The extent and utility of 'warnings' and 'error' messages also varies greatly for different R packages. This is important, because such messages should help you to see where a problem is or highlight important limits, in the event that you run a given package and it doesn't work, or it runs into some sort of issue. Without good error messaging, you may never know that you are using a package outside the bounds of its intended use.

Given all of this, you should carefully and independently check any code or package that you intend to use to ensure its validity for your case. This sort of activity can be time-consuming and also prone to error unless you’ve got patience and good programming skills.

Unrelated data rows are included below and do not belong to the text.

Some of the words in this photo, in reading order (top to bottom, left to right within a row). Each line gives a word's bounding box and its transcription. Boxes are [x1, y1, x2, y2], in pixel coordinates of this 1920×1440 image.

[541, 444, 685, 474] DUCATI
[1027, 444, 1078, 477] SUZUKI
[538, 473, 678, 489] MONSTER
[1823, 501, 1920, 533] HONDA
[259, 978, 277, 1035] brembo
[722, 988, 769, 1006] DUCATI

R package dependencies vary over time

Most R packages of reasonable complexity depend on several other R packages. Depending on the contributor and their level of commitment to the R package they have created, they may improve and update their package quite frequently or hardly ever. Of course, different packages are not necessarily updated by their individual authors at the same time.

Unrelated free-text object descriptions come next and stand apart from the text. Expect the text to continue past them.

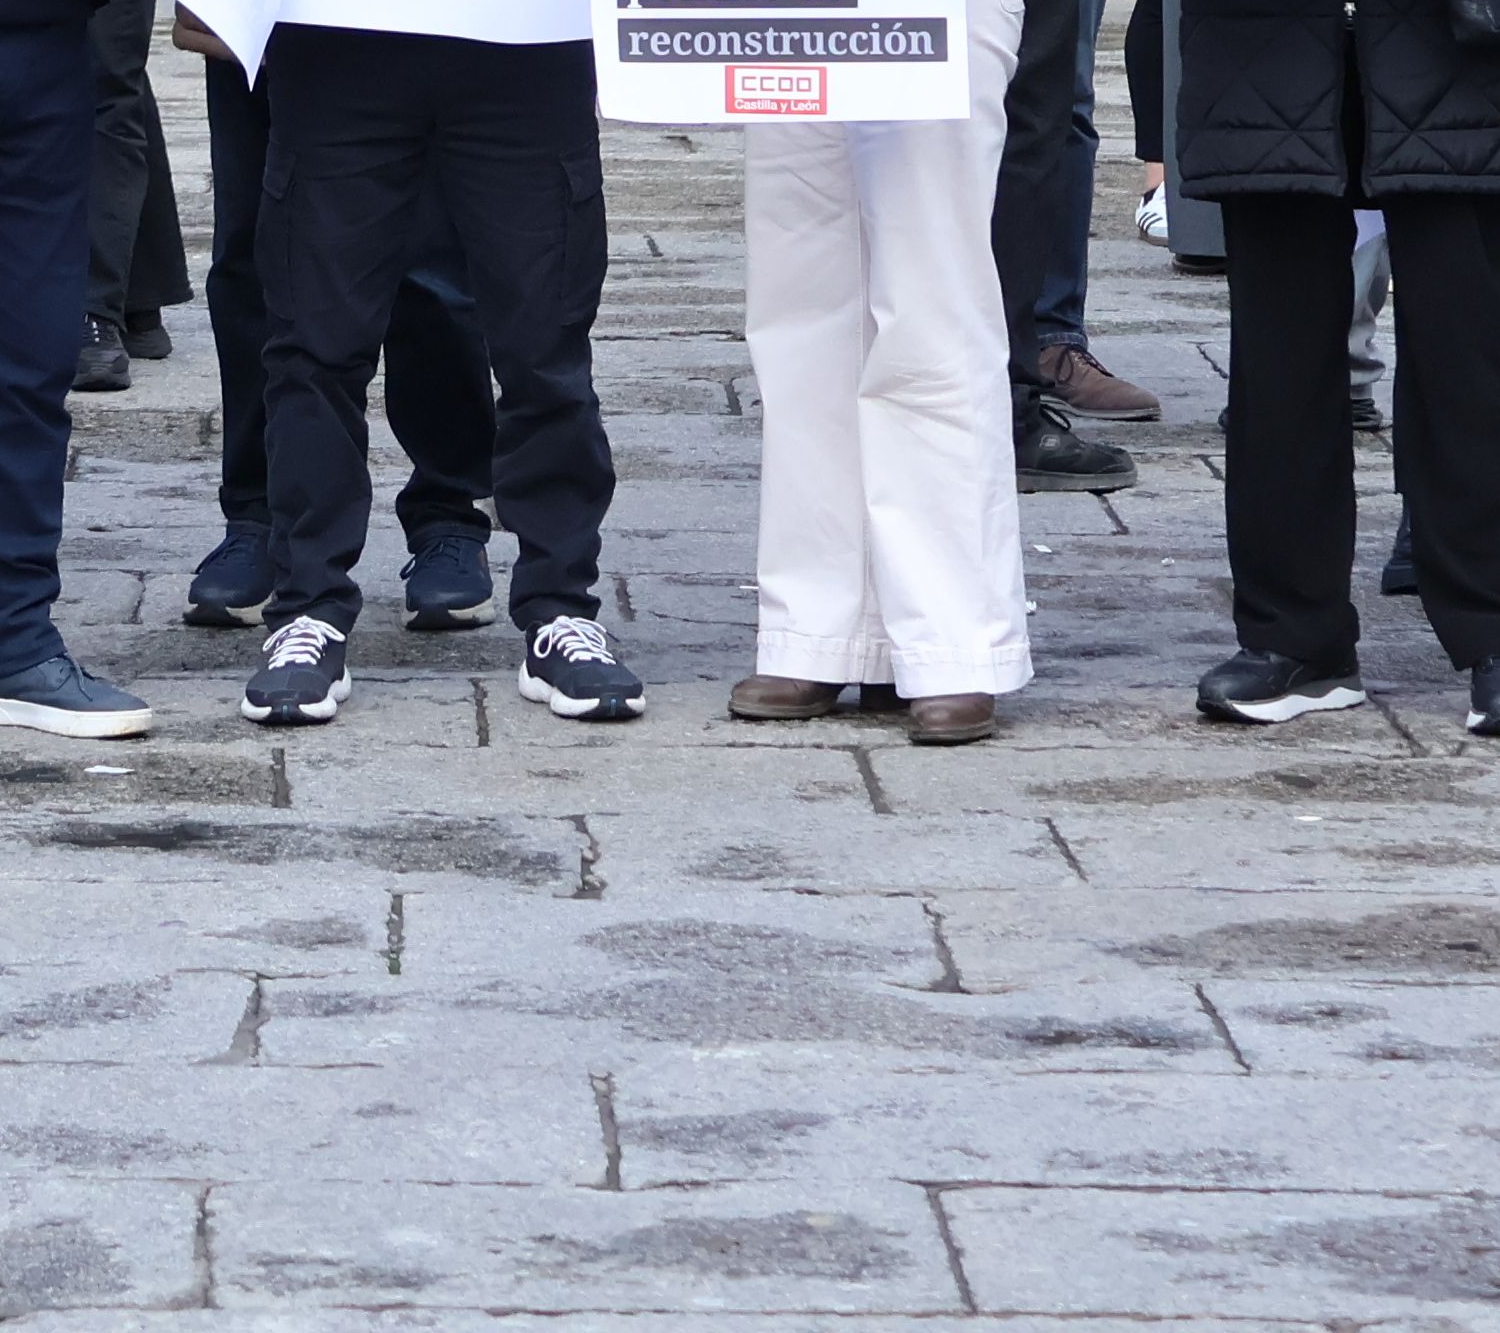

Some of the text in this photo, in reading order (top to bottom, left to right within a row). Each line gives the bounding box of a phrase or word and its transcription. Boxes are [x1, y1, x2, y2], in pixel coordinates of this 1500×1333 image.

[627, 22, 935, 57] reconstrucción
[741, 76, 811, 92] CCOO
[734, 99, 820, 112] Castilla y León
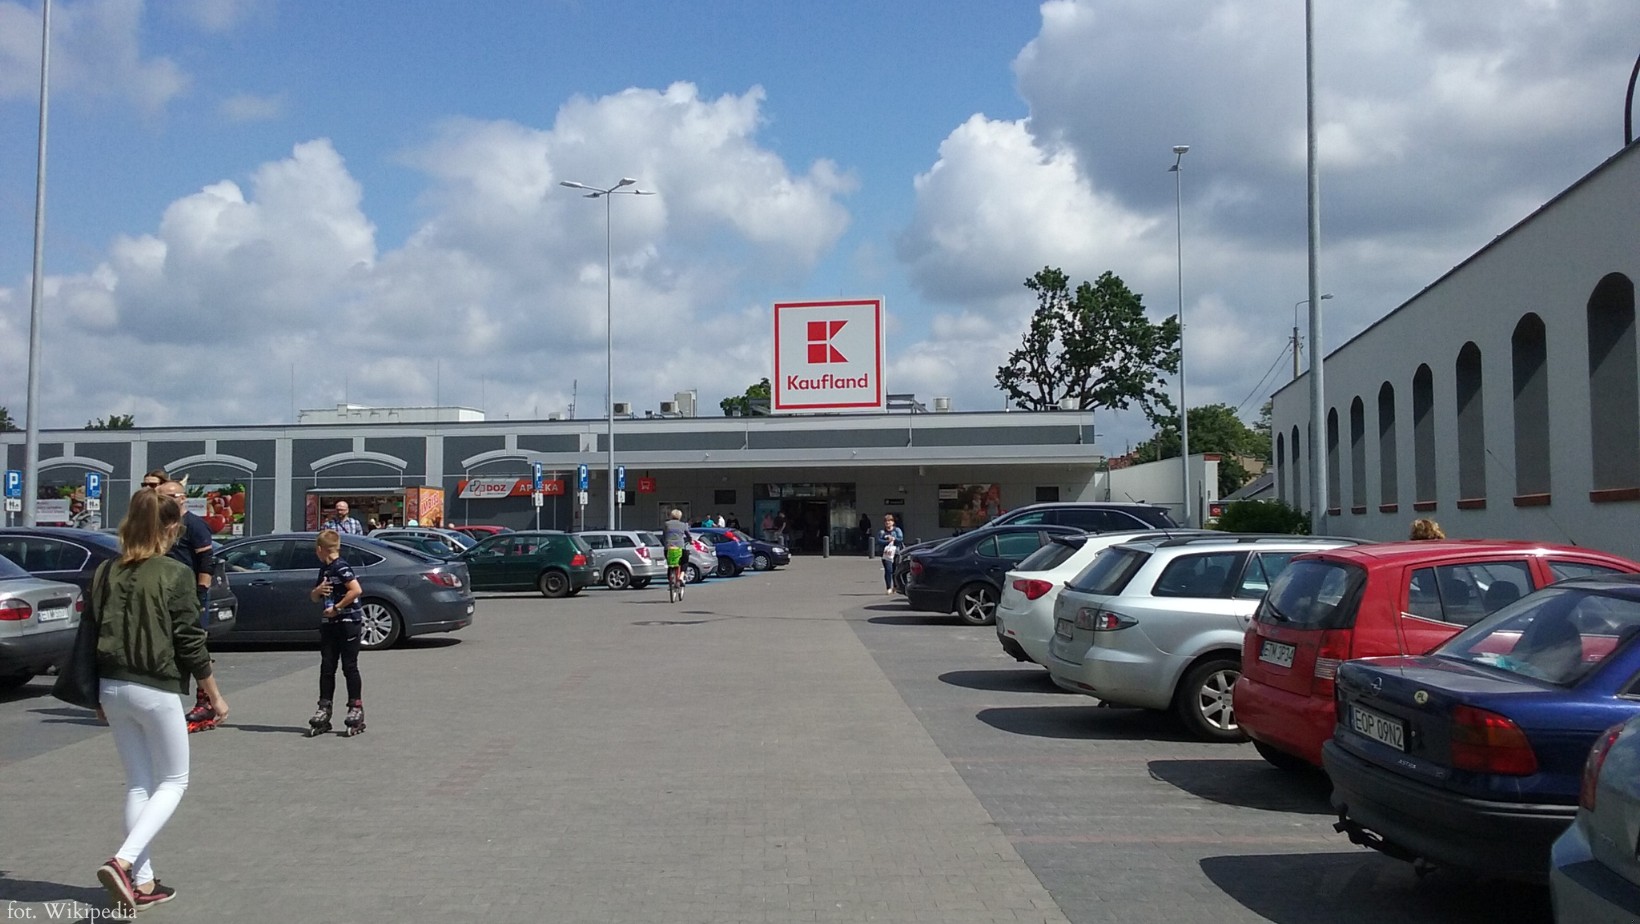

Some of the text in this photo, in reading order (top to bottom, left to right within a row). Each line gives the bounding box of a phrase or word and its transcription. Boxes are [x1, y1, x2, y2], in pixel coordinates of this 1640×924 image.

[787, 372, 869, 391] Kaufland
[9, 472, 19, 489] P
[581, 465, 587, 481] P
[90, 475, 99, 490] P
[486, 484, 507, 492] DOZ
[1355, 709, 1403, 748] EOP 09N2

This has a few consequences. First, it means that it can be quite challenging to keep all of the packages you want to use (and all of their dependencies) up to date.

Second (and even more annoying), code that worked just fine yesterday may not work today. Perhaps one of the packages that your code depended on has changed in the way it needs to be used, or in the naming conventions it deploys, etc. So even though one of the best things about R is the fact that everyone can contribute, it is also one of the most challenging things about it.

Although people like to imagine that R scripts are super great because they permit 'repeatability', the fact that R packages and their dependencies are in a constant state of flux means that R scripts, in fact, are not necessarily repeatable.

If code that used to work suddenly stops working, it is not always clear where the problem lies and (once again) de-bugging/programming skills are required. Even worse is the situation where underlying assumptions or defaults for a given package have changed. The author of the package might have great reasons for changing the defaults, but the result for you may be that your older code will run, but it will give you different results, and you won't know why. You will (once again) have to do some digging to figure it all out.

R makes assumptions 'under the hood'

R is a type of 'high-level' language. As such, it doesn't require you to declare the nature of your variables at the outset; such declarations are, for the most part, implicit (unless of course you choose to make them explicit). R therefore (necessarily) makes some assumptions about how to treat what you give it in any given context. For example, suppose you give R the following:

Factor.A <- c(1,1,1,2,2,2,3,3,3)

You might think you are giving R a factor, but it thinks you are giving it a vector of numbers. R will carry on regardless (it won’t necessarily give you an error), and you may be none the wiser.

There a lot of things like this that R will assume on the fly (some of which may be buried inside a package you choose to use), and unless you are knowledgeable about what these assumptions are, you can (all too easily) run your R code and get incorrect results. This is yet another reason why it is not wise to grab R code off the web and use it on your data without doing your own checks.